[[ Task inputs, beginning ]]

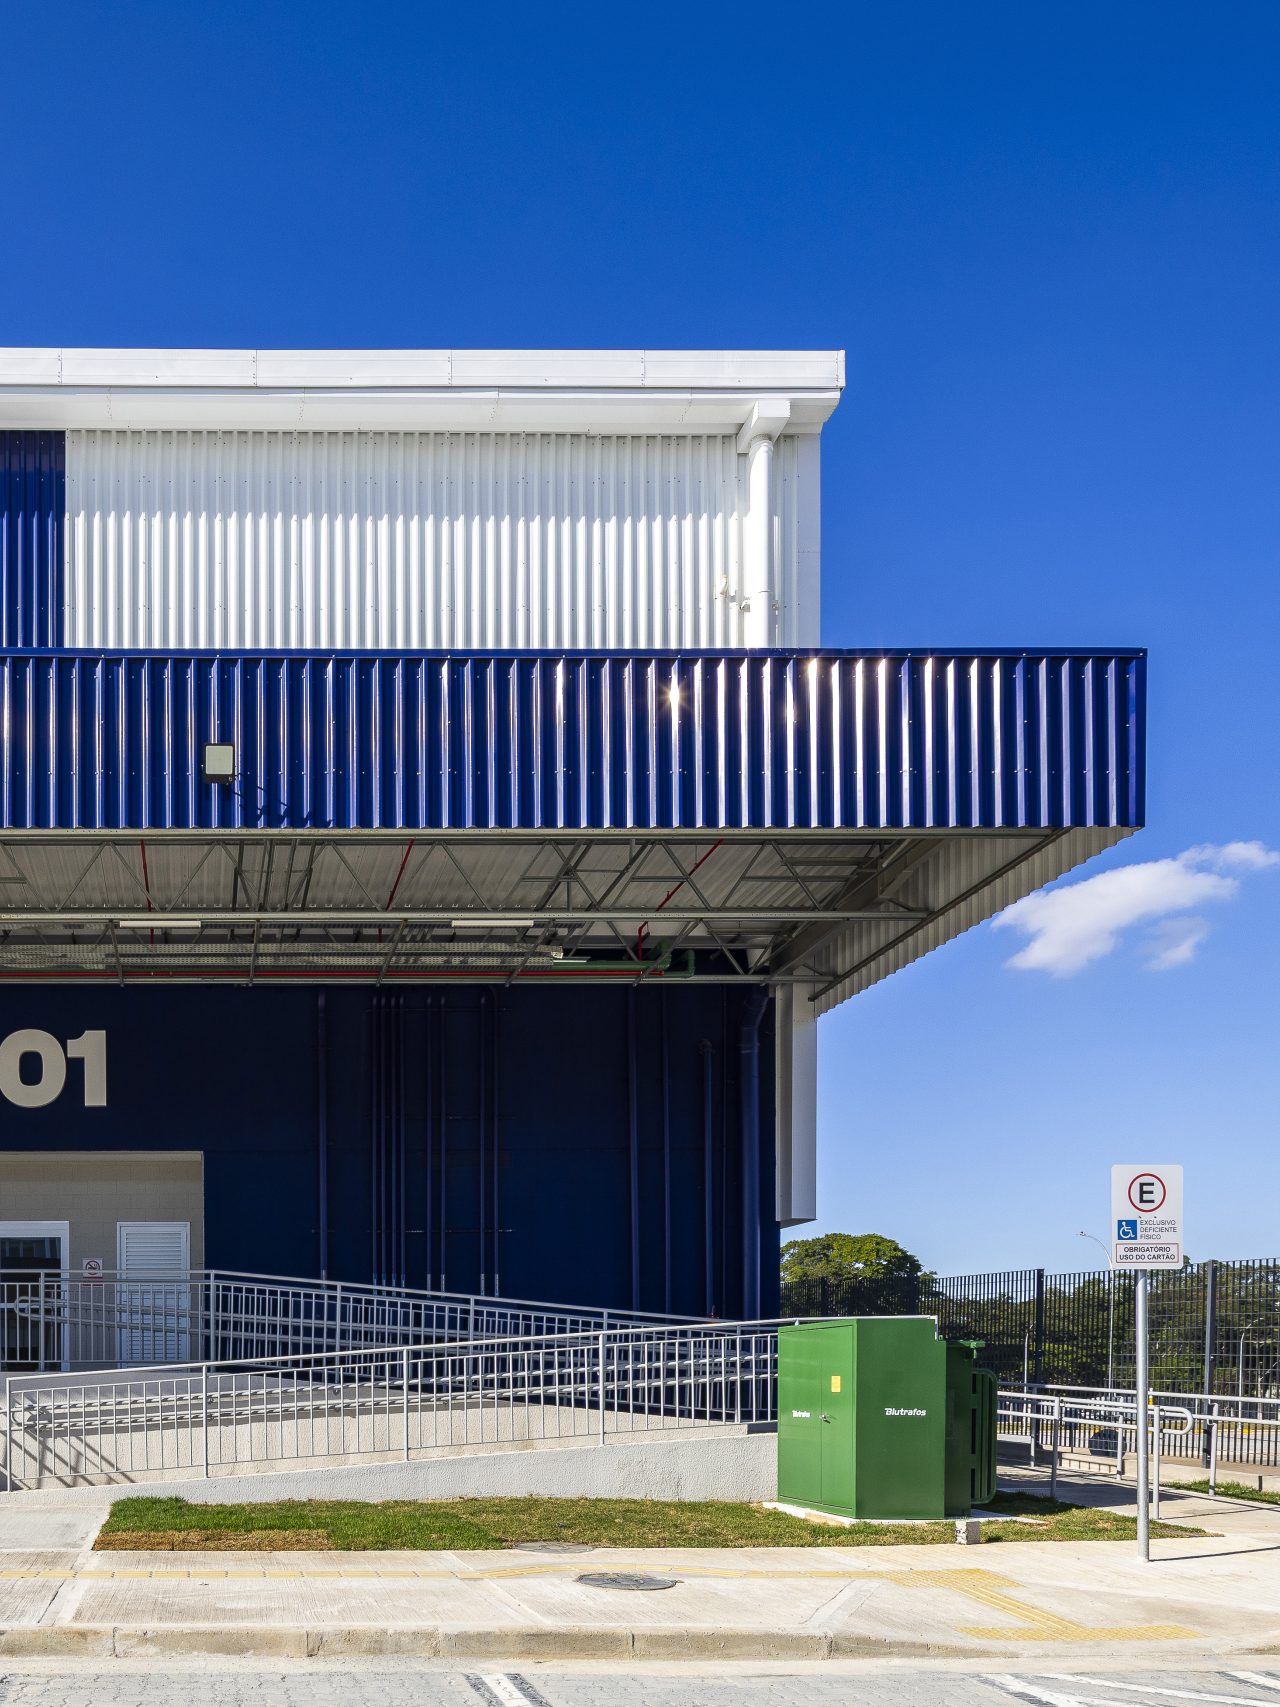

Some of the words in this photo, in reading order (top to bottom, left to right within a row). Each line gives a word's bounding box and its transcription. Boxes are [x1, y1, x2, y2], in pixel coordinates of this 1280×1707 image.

[1138, 1182, 1155, 1204] E
[1123, 1245, 1171, 1253] OBRIGATÓRIO
[1146, 1252, 1176, 1261] CARTÃO
[884, 1407, 927, 1417] Blutrafos
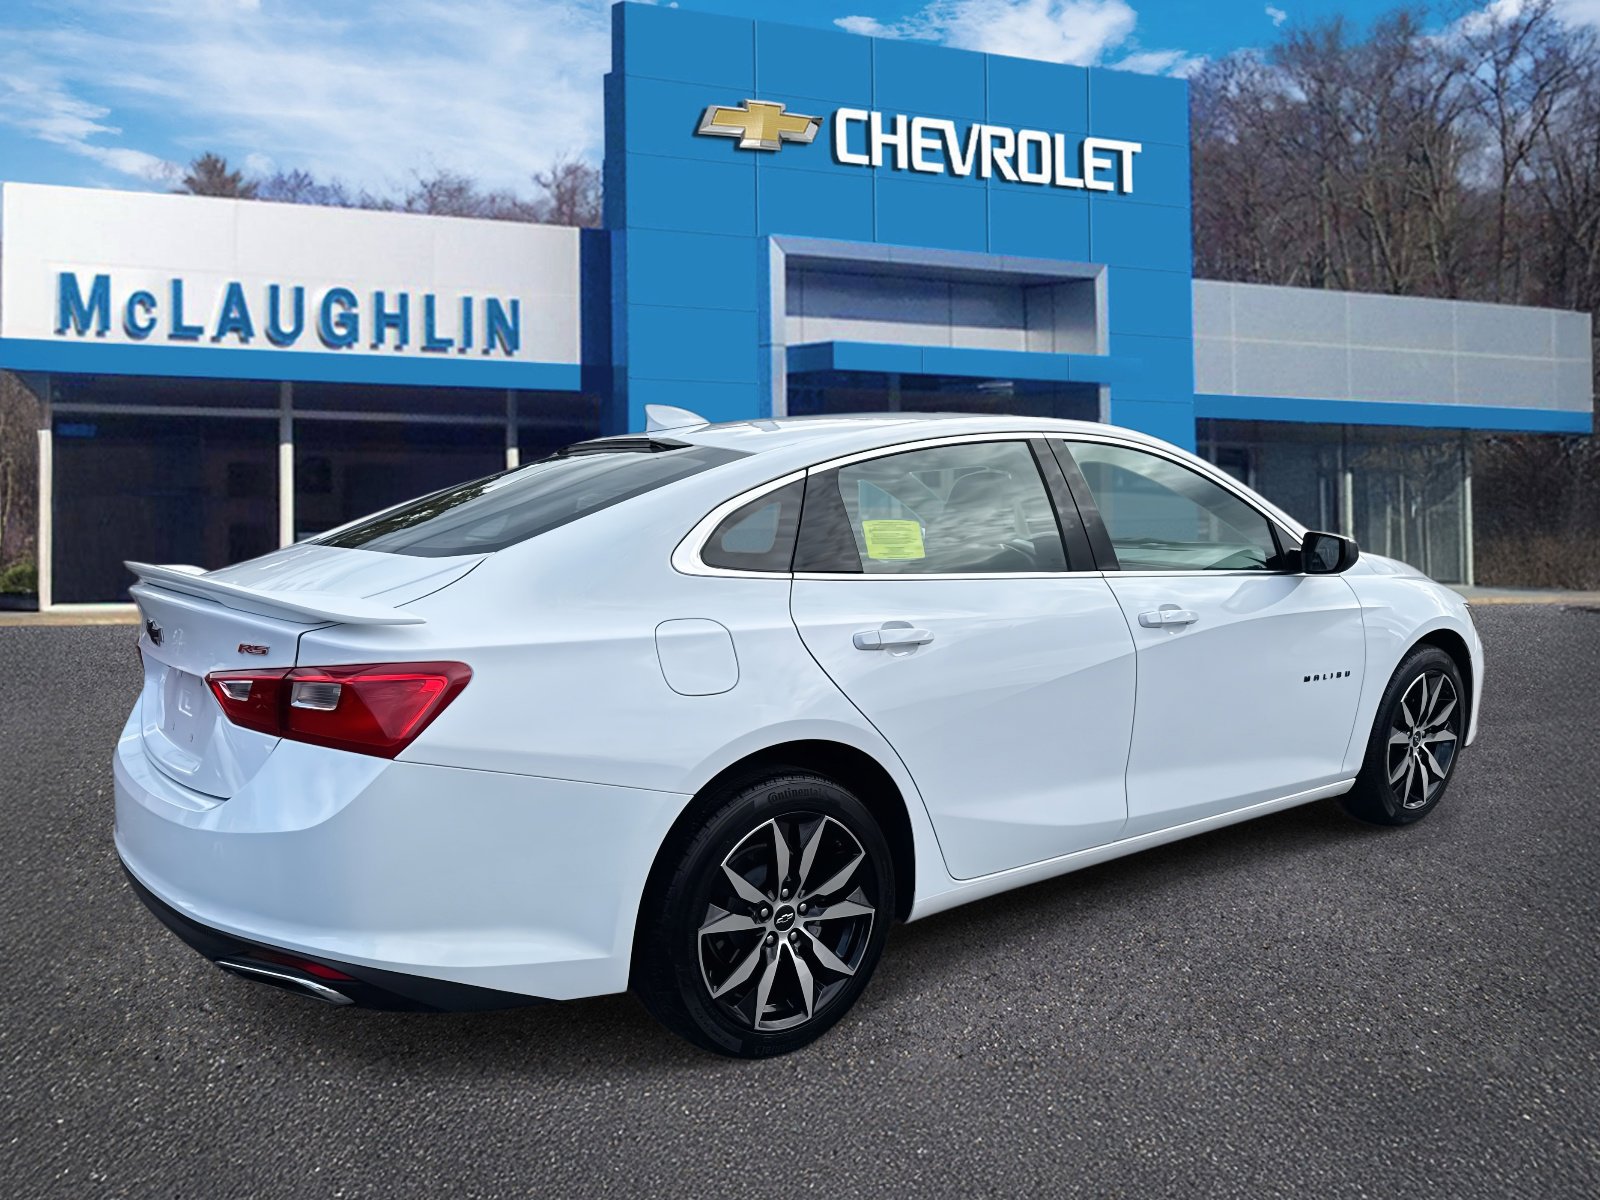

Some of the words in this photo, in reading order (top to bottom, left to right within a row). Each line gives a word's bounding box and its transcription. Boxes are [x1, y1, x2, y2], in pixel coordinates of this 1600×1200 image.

[[ Task inputs, end ]]

What the task asks: The preceding listing must be repeated exactly, with all images dropped.

Response:
Some of the words in this photo, in reading order (top to bottom, left to right within a row). Each line gives a word's bounding box and its transcription. Boxes are [x1, y1, x2, y2], in pixel coordinates of this 1280×1707 image.

[1138, 1182, 1155, 1204] E
[1123, 1245, 1171, 1253] OBRIGATÓRIO
[1146, 1252, 1176, 1261] CARTÃO
[884, 1407, 927, 1417] Blutrafos

Some of the words in this photo, in reading order (top to bottom, left to right within a row). Each line gives a word's bounding box and its transcription. Boxes are [x1, y1, x2, y2], in pixel coordinates of this 1600×1200 image.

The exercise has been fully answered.